Warm sea breeze and tall dancing in the wind evergreen pine trees made the experience magical but not magical enough for a miracle of healing we were looking for.

The professor announced that Reza should organise his affairs as he doesn't have too many more months to live. Rigvir in his case will only make his last months more comfortable, we were told.

A week later and almost £10,000 less in the bank I brought Reza back to the UK in a wheel chair.
We had a special luggage with us of 5 tiny frozen ampules of Rigvir packed in the ice in the biggest suitcase imaginable to finish off the treatment.

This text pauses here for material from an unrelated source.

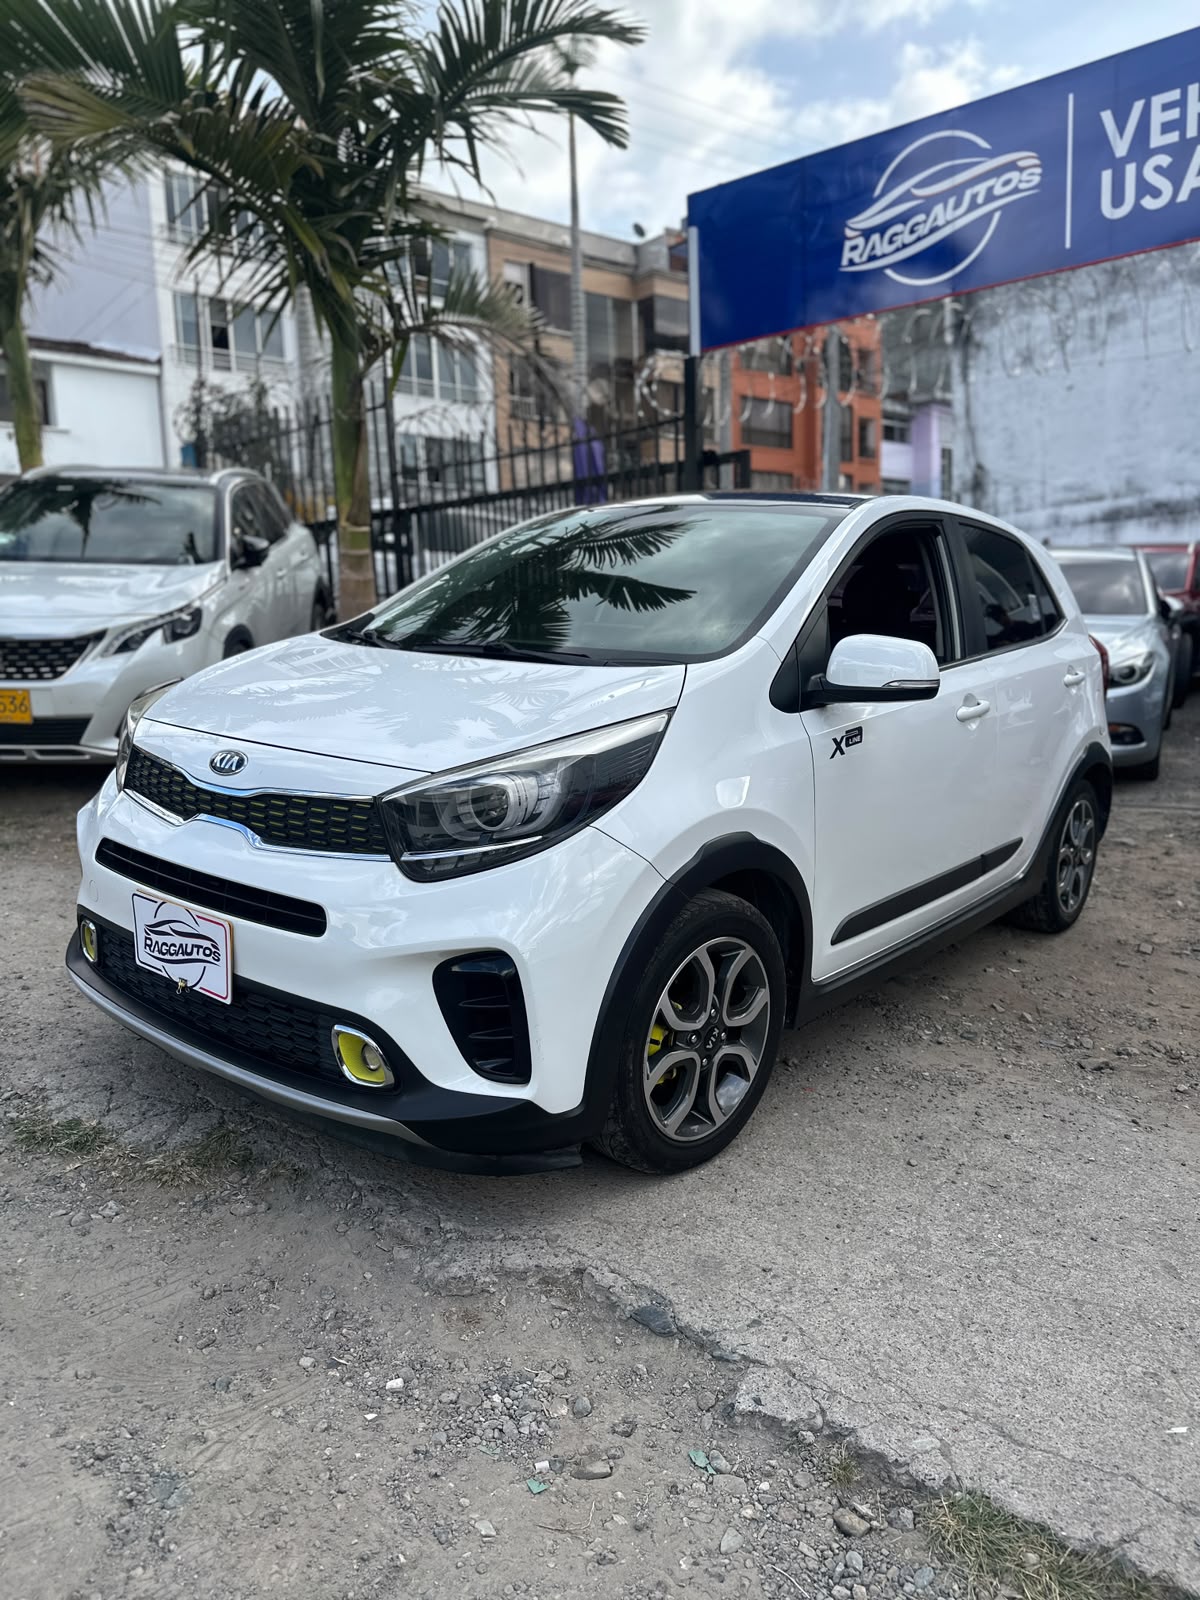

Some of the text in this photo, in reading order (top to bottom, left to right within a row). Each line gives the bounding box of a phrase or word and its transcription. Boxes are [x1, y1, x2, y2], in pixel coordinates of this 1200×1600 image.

[841, 166, 1043, 266] RAGGAUTOS
[212, 752, 240, 771] KIA
[144, 935, 221, 963] RAGGAUTOS
[705, 1027, 720, 1049] KIA

To be fair to the vaccine, at the end of the treatment Reza's tumour markers temporarily decreased by 20%.

I felt that the professor believed in her own treatment less than I did. I wrote a respectful but strongly worded letter to the clinic pointing out that the professor was not God so perhaps giving out death sentences shall not be in her power.
Total parenteral nutrition
Soon after arriving back to Norwich in November 2017, Reza was admitted to Guist ward at Norfolk and Norwich University Hospital and was put on TPN - total parenteral nutrition or intravenous feeding.

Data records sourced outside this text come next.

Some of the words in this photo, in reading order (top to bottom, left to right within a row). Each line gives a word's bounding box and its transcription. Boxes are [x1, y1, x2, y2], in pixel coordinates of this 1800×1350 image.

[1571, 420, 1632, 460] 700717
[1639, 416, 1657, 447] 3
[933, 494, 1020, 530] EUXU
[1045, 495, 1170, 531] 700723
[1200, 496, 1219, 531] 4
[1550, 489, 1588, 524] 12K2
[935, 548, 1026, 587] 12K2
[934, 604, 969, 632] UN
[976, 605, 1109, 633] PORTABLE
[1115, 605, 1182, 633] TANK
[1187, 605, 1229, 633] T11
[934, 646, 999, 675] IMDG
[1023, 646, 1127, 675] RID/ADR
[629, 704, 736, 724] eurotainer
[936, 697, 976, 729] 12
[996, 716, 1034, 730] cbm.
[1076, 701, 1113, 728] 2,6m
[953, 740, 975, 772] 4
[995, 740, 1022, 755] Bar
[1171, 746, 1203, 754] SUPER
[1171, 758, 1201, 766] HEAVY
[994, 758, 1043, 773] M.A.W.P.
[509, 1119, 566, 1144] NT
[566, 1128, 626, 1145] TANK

Reza couldn't eat anything anymore and TPN was providing him with vital nutrition until a treatment may be found.
In January 2018 we were invited to the transplant centre at Oxford University Hospital to meet the surgeons and learn about the potential operation. We were told the operation would have to include two stages:

  1. Opening the abdomen, removing the large and small intestines and all the tumour mucin
  2. Transplanting a healthy bowel from a donor

It could take up to 15-18 hours and would be done by two main teams of surgeons. On the day when a suitable donor is found the first team from Basingstoke PMP Centre would arrive and complete the first stage of the operation, before the Oxford transplant team take over.

Reza would be the 9th patient in the world to have this operation. We were told that some made it through the operation and now enjoy a good quality of life, albeit after a long recovery. Their inspirational stories helped us to stay hopeful and positive. Adam Alderson, who was the 4th PMP bowel transplant patient, supported us along the way and even came to see Reza later in Oxford. Adam's story is here.

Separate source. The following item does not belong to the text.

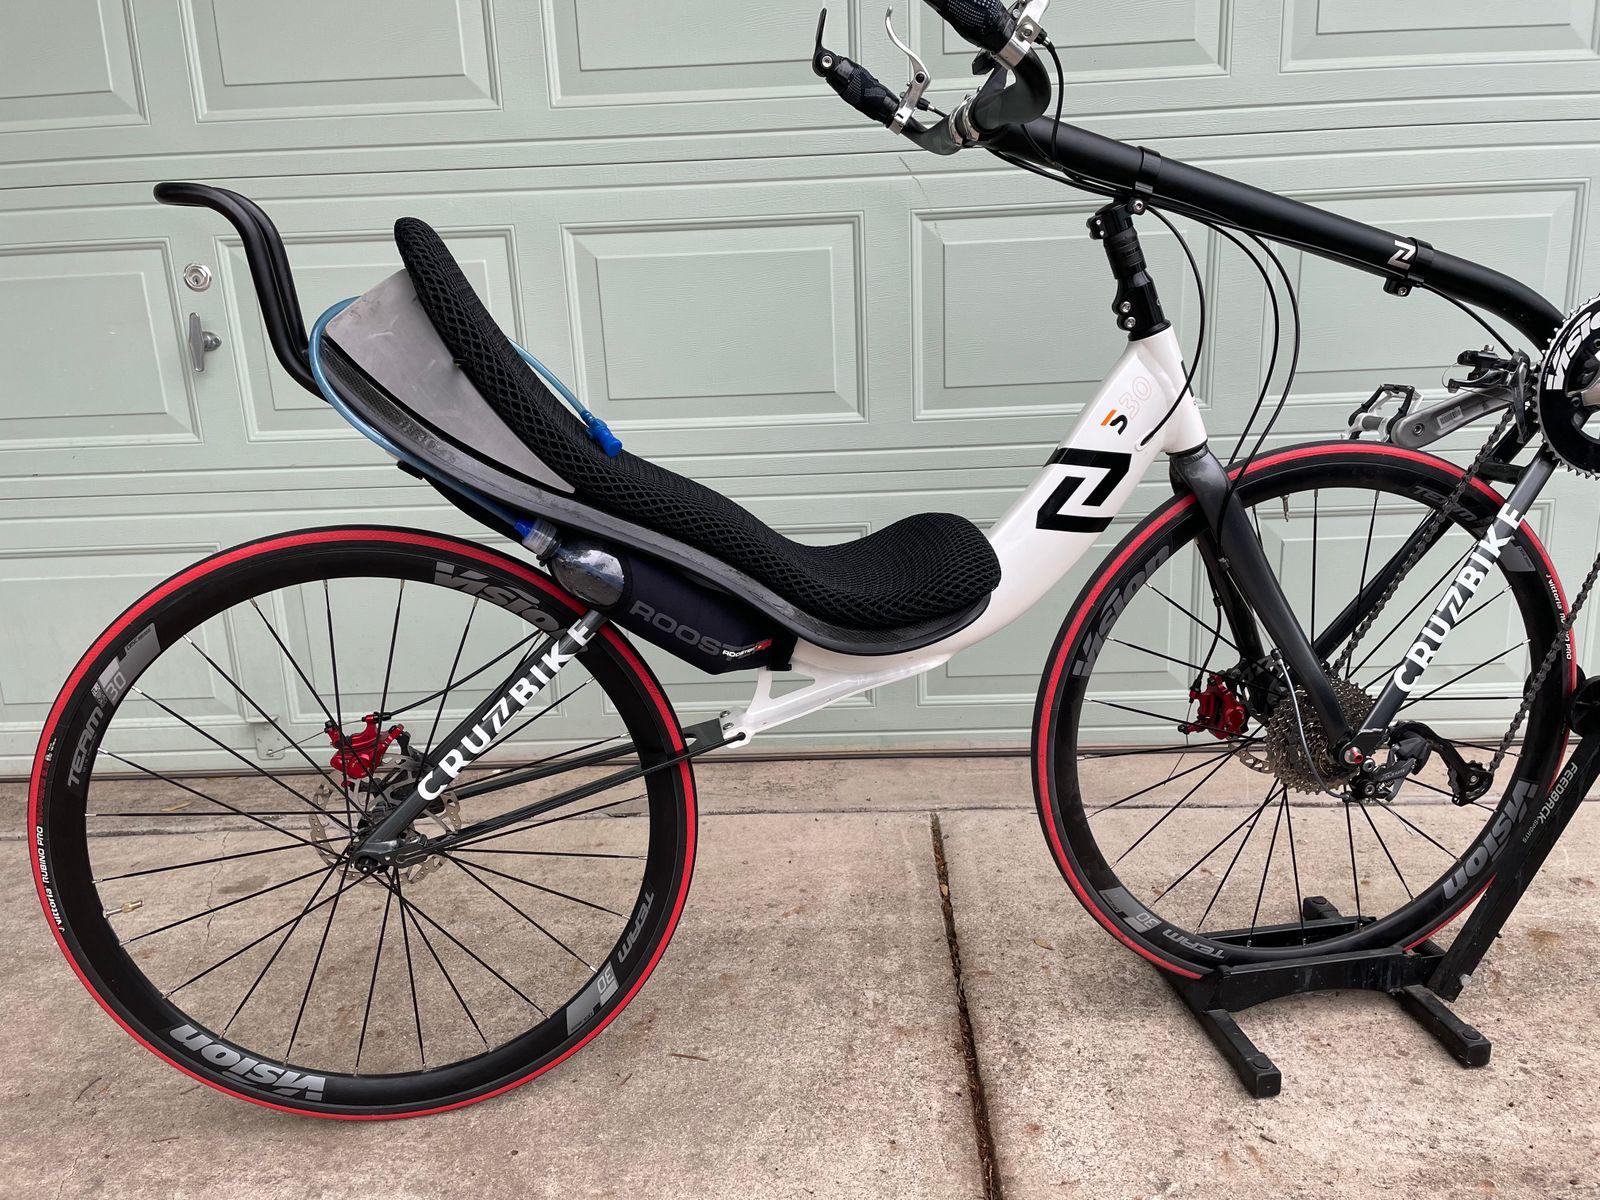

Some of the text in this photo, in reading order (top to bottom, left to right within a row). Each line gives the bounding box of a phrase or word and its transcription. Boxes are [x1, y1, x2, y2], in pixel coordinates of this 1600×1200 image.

The first ever person who underwent this complex multi-visceral operation was former England rugby league player, Steve Prescott. He survived the 32-hour operation in 2013, but sadly died as a result of graft-versus-host-disease, a complication that can occur following transplants.
He was 39 years old. Steve Prescott's foundation can be supported here.

Since our first visit to the Oxford Hospital another 9 months followed. Reza continued being in and out of different hospitals, still working though and keeping active whenever he possibly could.
At some point Reza's abdomen literally burst and a river of pus and tumour came out. Nobody in the hospital has seen anything like that.

Then, at 10pm on a Saturday night in September 2018, just after listening to Abraham Hicks audio, Reza's phone rang. A nurse from the transplant centre invited us to come to the Oxford University Hospital - a potential match was found.

We drove that night to Oxford for Reza to have many necessary tests through the night.

At 7am Mr Reddy, one of the leading surgeons, who strongly doubted Reza's latest fitness level, told us they were pleased with the match and that they are going to go ahead with the operation. Being exhausted by the large tumour, feeling unwell with no energy, Reza was very happy to be put to sleep and hopefully wake up the next day cancer free. He was looking forward to getting strong again.

Reza's mum, my daughter Dasha and I spent what felt like a life time in the relative's waiting room praying for good news.

Six hours into the operation Mr Tom Cecil from Basingstoke and Mr Reddy came to say that the first part of the operation was competed - it all went well. Reza's condition was stable and now the small intestine was going to be transplanted.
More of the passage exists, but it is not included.